The People Factor: Why Change Management Is the Key to Decision Intelligence Success

In 2016, the state of Arkansas started using a computer algorithm called RUGs to decide how many hours of in-home care Medicaid recipients with disabilities would receive each week. Before the switch, trained nurses made those assessments in person. After the algorithm took over, nearly half of the roughly 8,000 people in the program saw their care hours cut significantly, with some losing more than 40% of their services, even though their medical conditions had not changed at all.1

Caseworkers and healthcare advocates raised alarms quickly. A federal court later ruled that the state had violated due process requirements by failing to explain the algorithm's decisions to those affected.2 The algorithm was eventually overturned by a state court, and the Arkansas legislature voted to remove the system entirely. The technology worked as designed. The transformation failed because people were excluded from the process, the system was not explainable, and no one managed the human side of the change.

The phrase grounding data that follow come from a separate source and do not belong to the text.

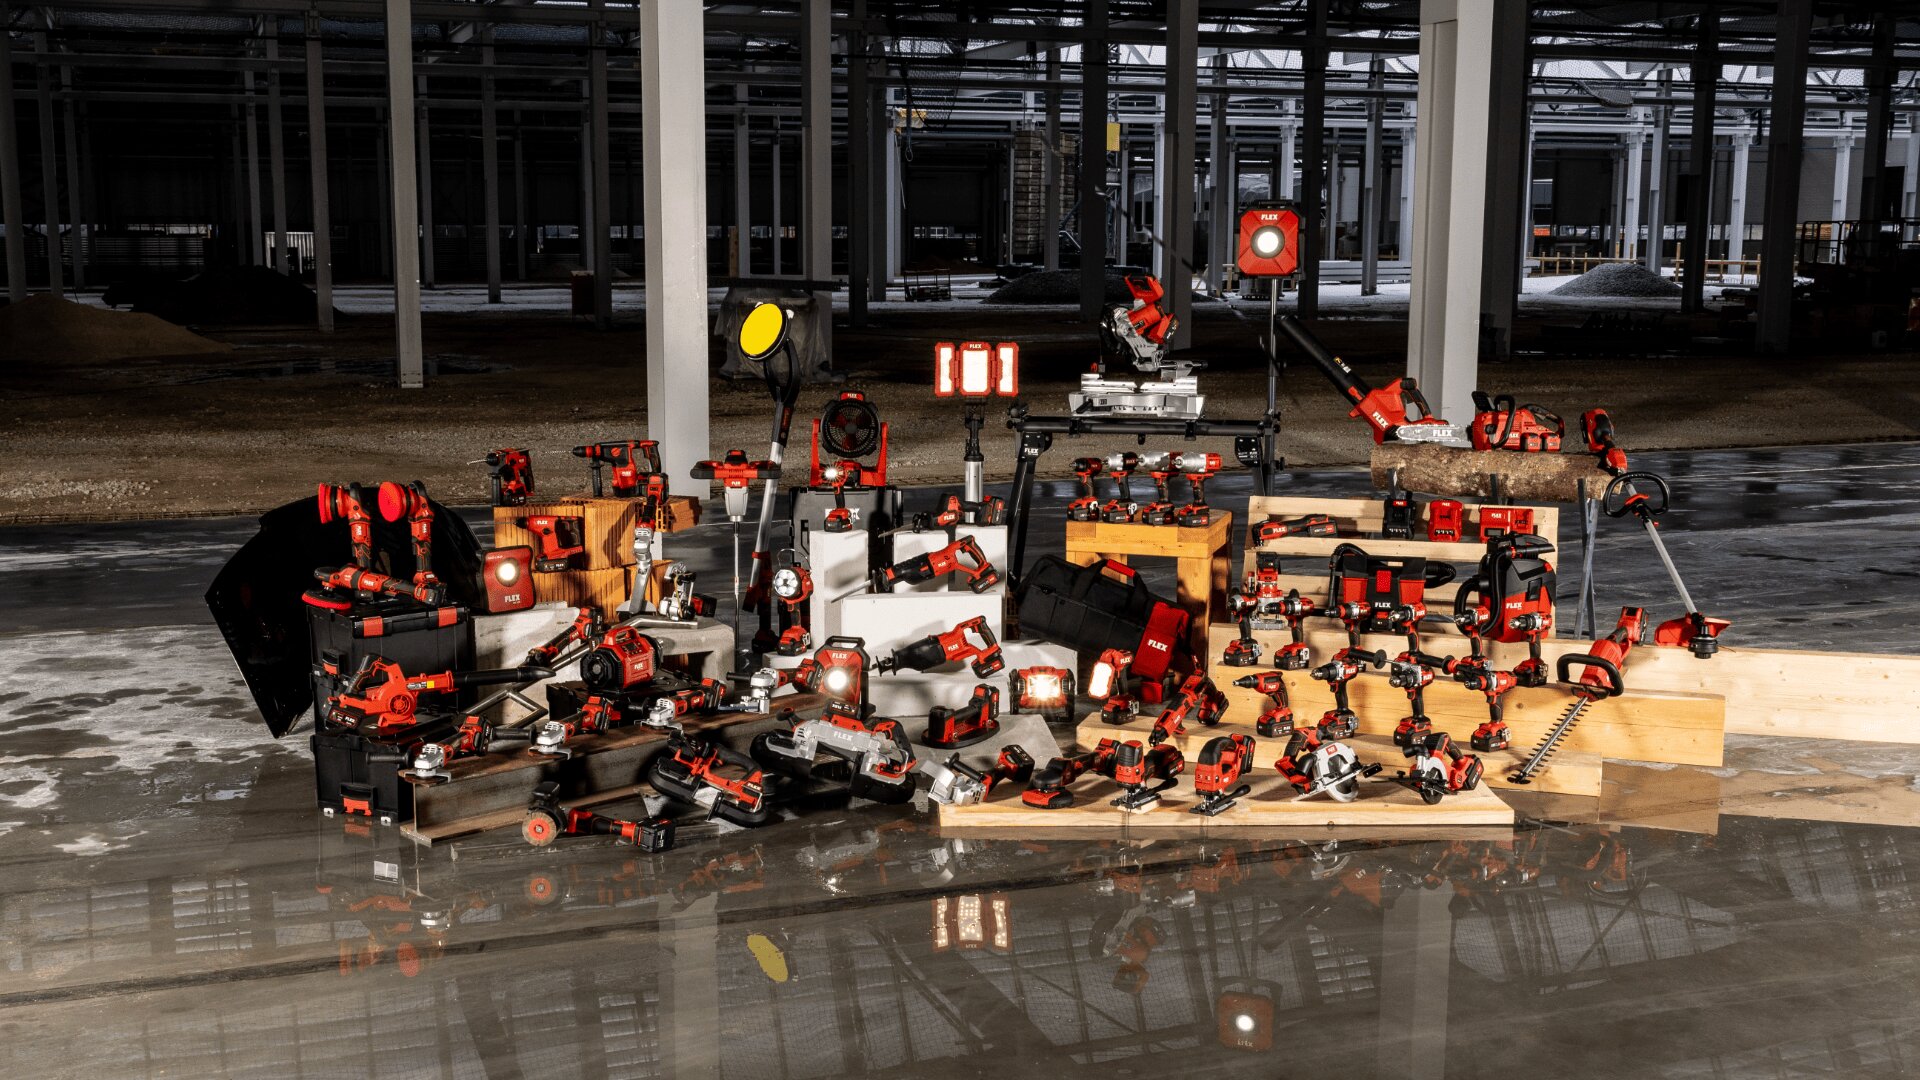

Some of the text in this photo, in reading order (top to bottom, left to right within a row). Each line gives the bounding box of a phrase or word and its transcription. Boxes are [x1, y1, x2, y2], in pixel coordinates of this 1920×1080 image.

[1372, 412, 1388, 428] FLEX
[505, 594, 520, 603] FLEX
[1148, 640, 1168, 652] FLEX
[834, 731, 852, 741] FLEX
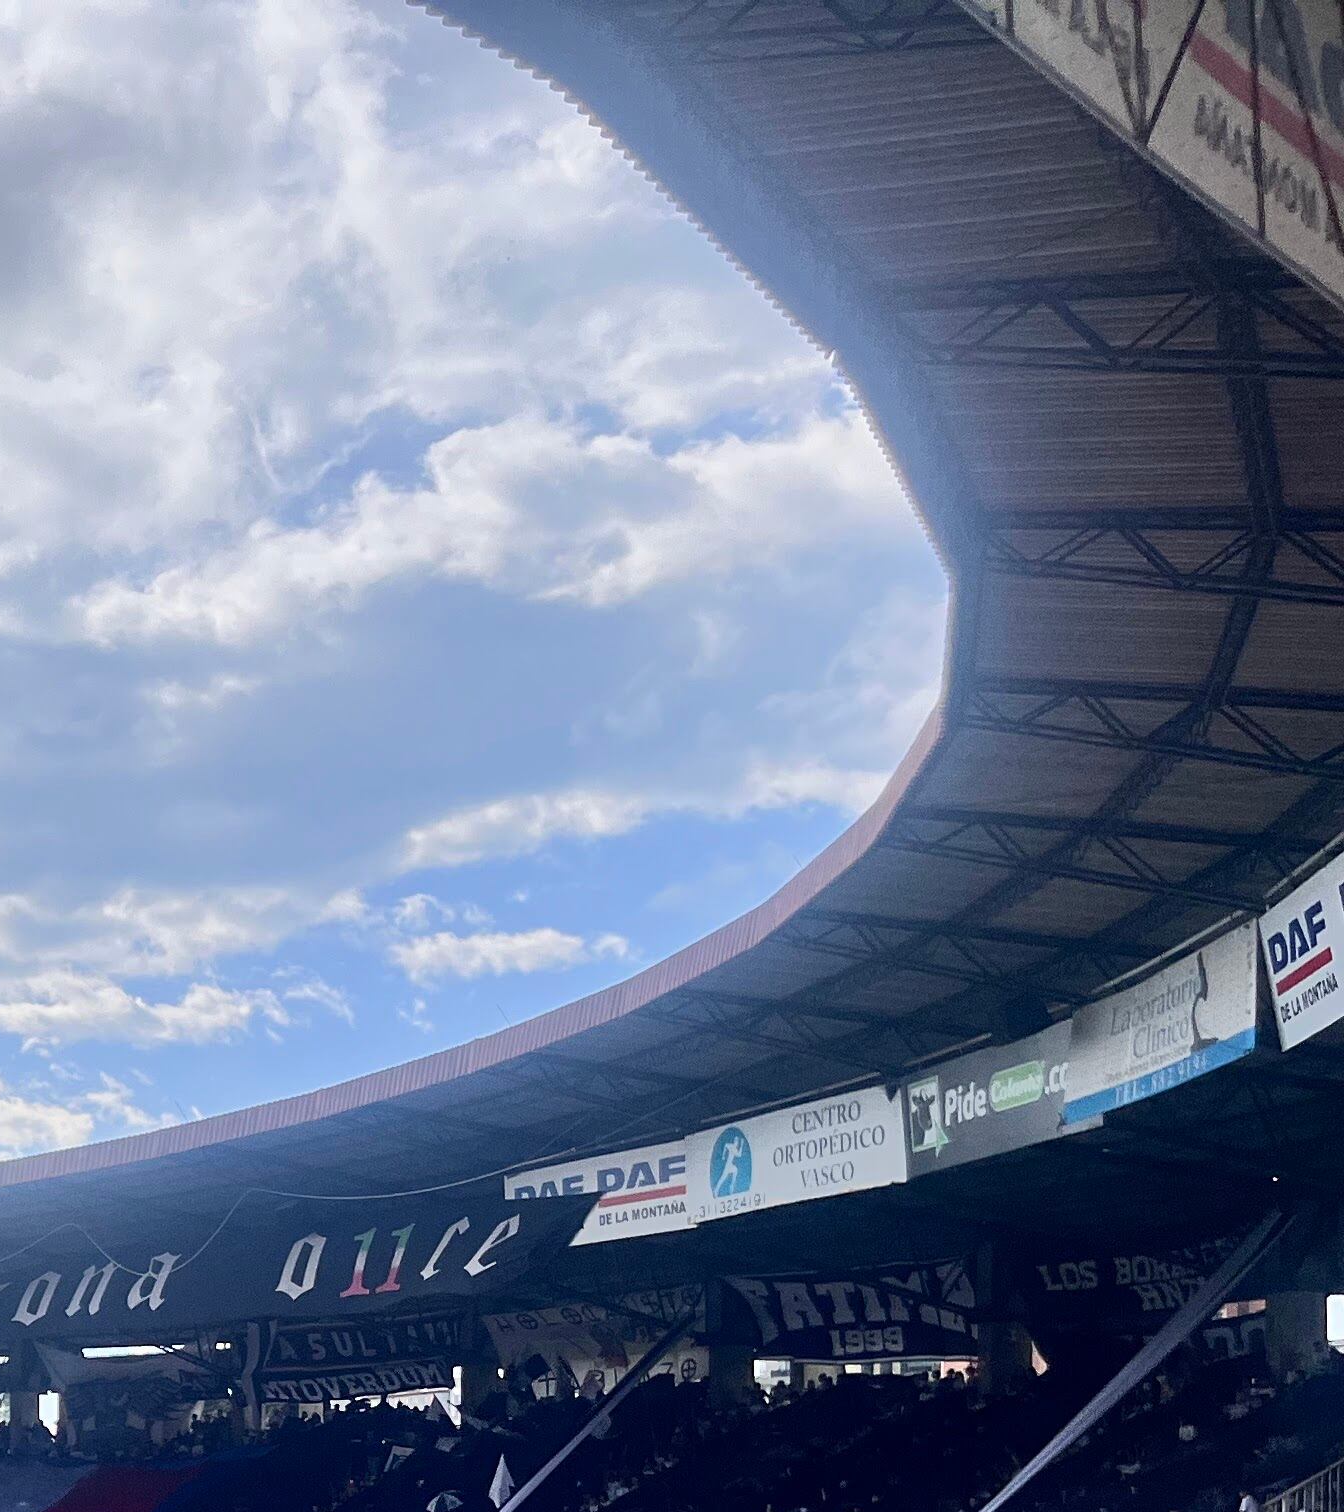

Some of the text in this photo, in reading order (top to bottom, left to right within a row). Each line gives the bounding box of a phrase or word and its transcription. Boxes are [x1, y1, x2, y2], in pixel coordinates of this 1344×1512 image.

[1268, 900, 1326, 974] DAF
[1280, 972, 1339, 1024] DE LA MONTAÑA
[792, 1101, 861, 1134] CENTRO
[945, 1081, 988, 1127] Pide
[773, 1124, 885, 1168] ORTOPÉDICO
[597, 1155, 686, 1193] DAF
[801, 1160, 855, 1188] VASCO
[599, 1202, 687, 1226] DE LA MONTAÑA

This story is not unique.3 Governments around the world are trying to use decision intelligence to improve public services, but most projects struggle to stick. The technology often works well on paper, yet real adoption by real people falls short again and again.

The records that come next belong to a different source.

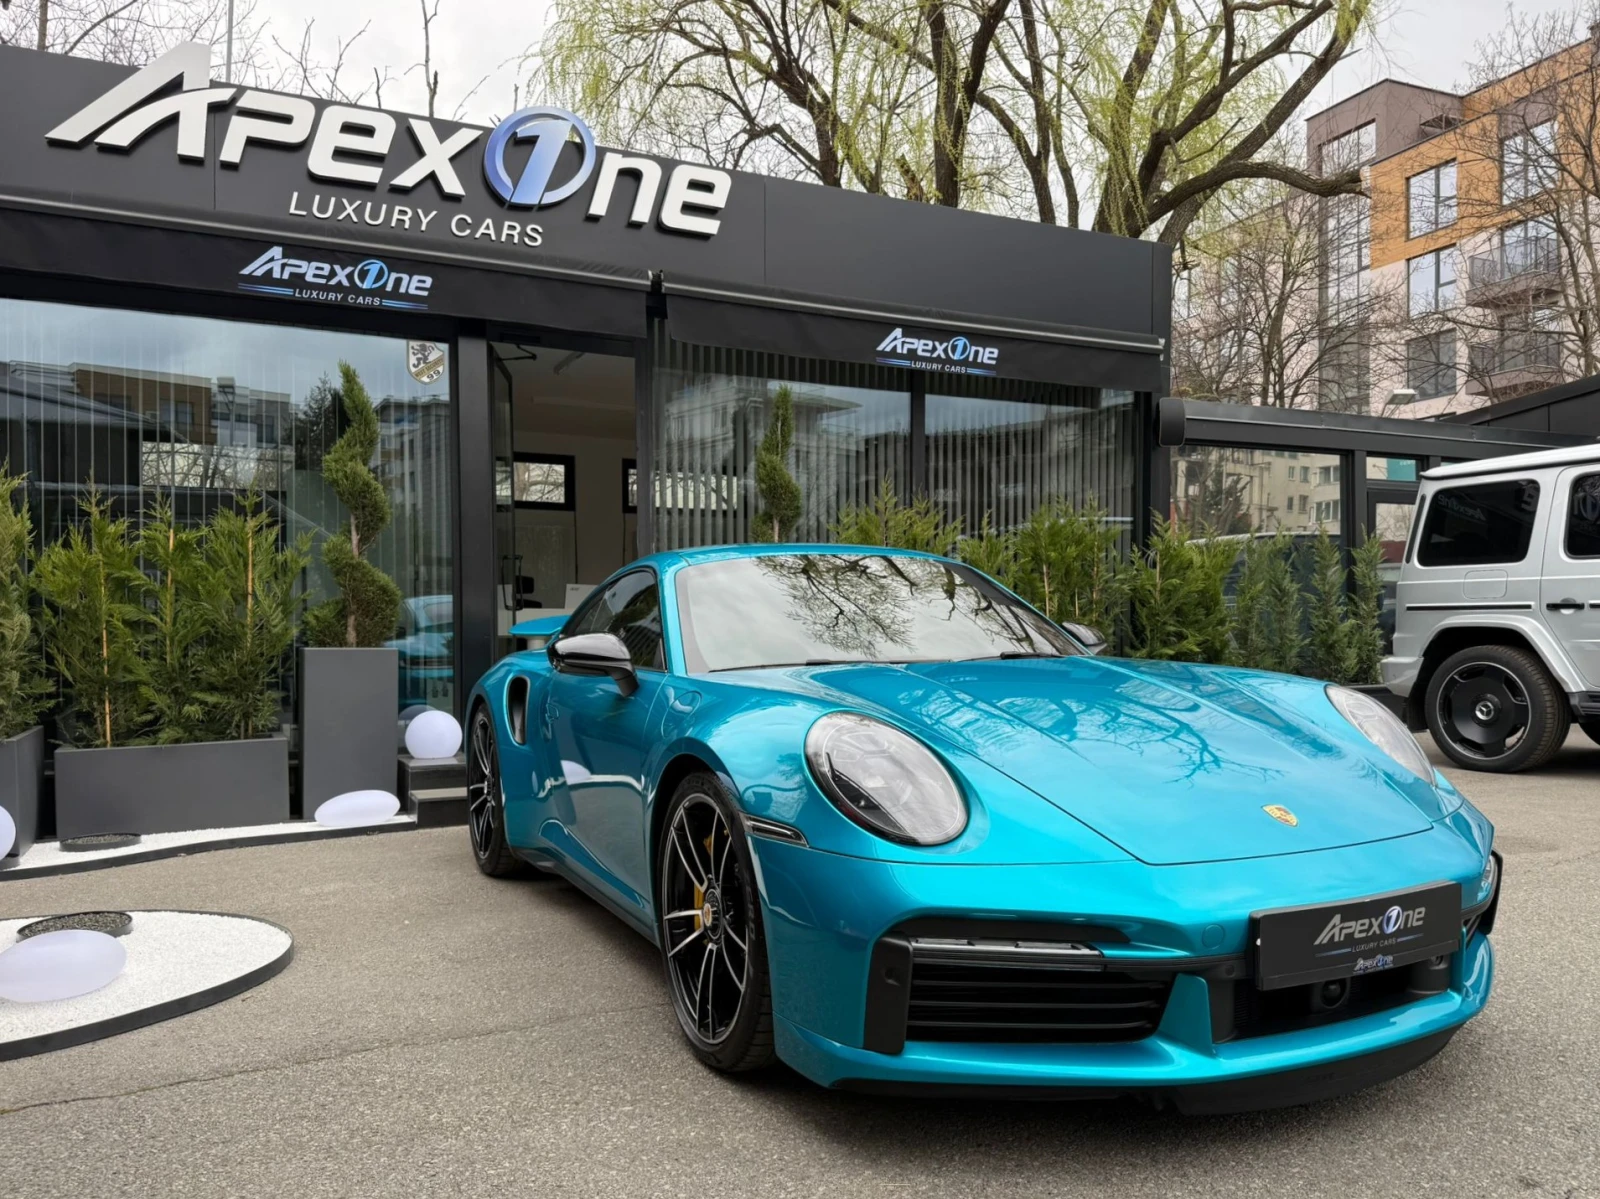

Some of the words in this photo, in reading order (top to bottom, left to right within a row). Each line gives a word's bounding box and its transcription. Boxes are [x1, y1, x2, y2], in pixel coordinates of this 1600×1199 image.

[289, 190, 437, 232] LUXURY
[450, 213, 544, 247] CARS
[294, 288, 343, 302] LUXURY
[347, 294, 381, 306] CARS
[426, 369, 441, 380] 99
[911, 360, 942, 371] LUXURY
[944, 364, 967, 374] CARS
[1352, 941, 1378, 953] LUXURY
[1379, 937, 1397, 947] CARS

Decision intelligence (DI) is the practice of using tools such as data analytics, machine learning, and other forms of artificial intelligence (AI) to help people or organizations make better decisions. In public policy, this might mean using software to figure out who qualifies for benefits, to predict which roads need repair first, or to identify patterns of fraud. Think of it as giving a decision-maker a very powerful assistant that can process large amounts of data very quickly and suggest a course of action.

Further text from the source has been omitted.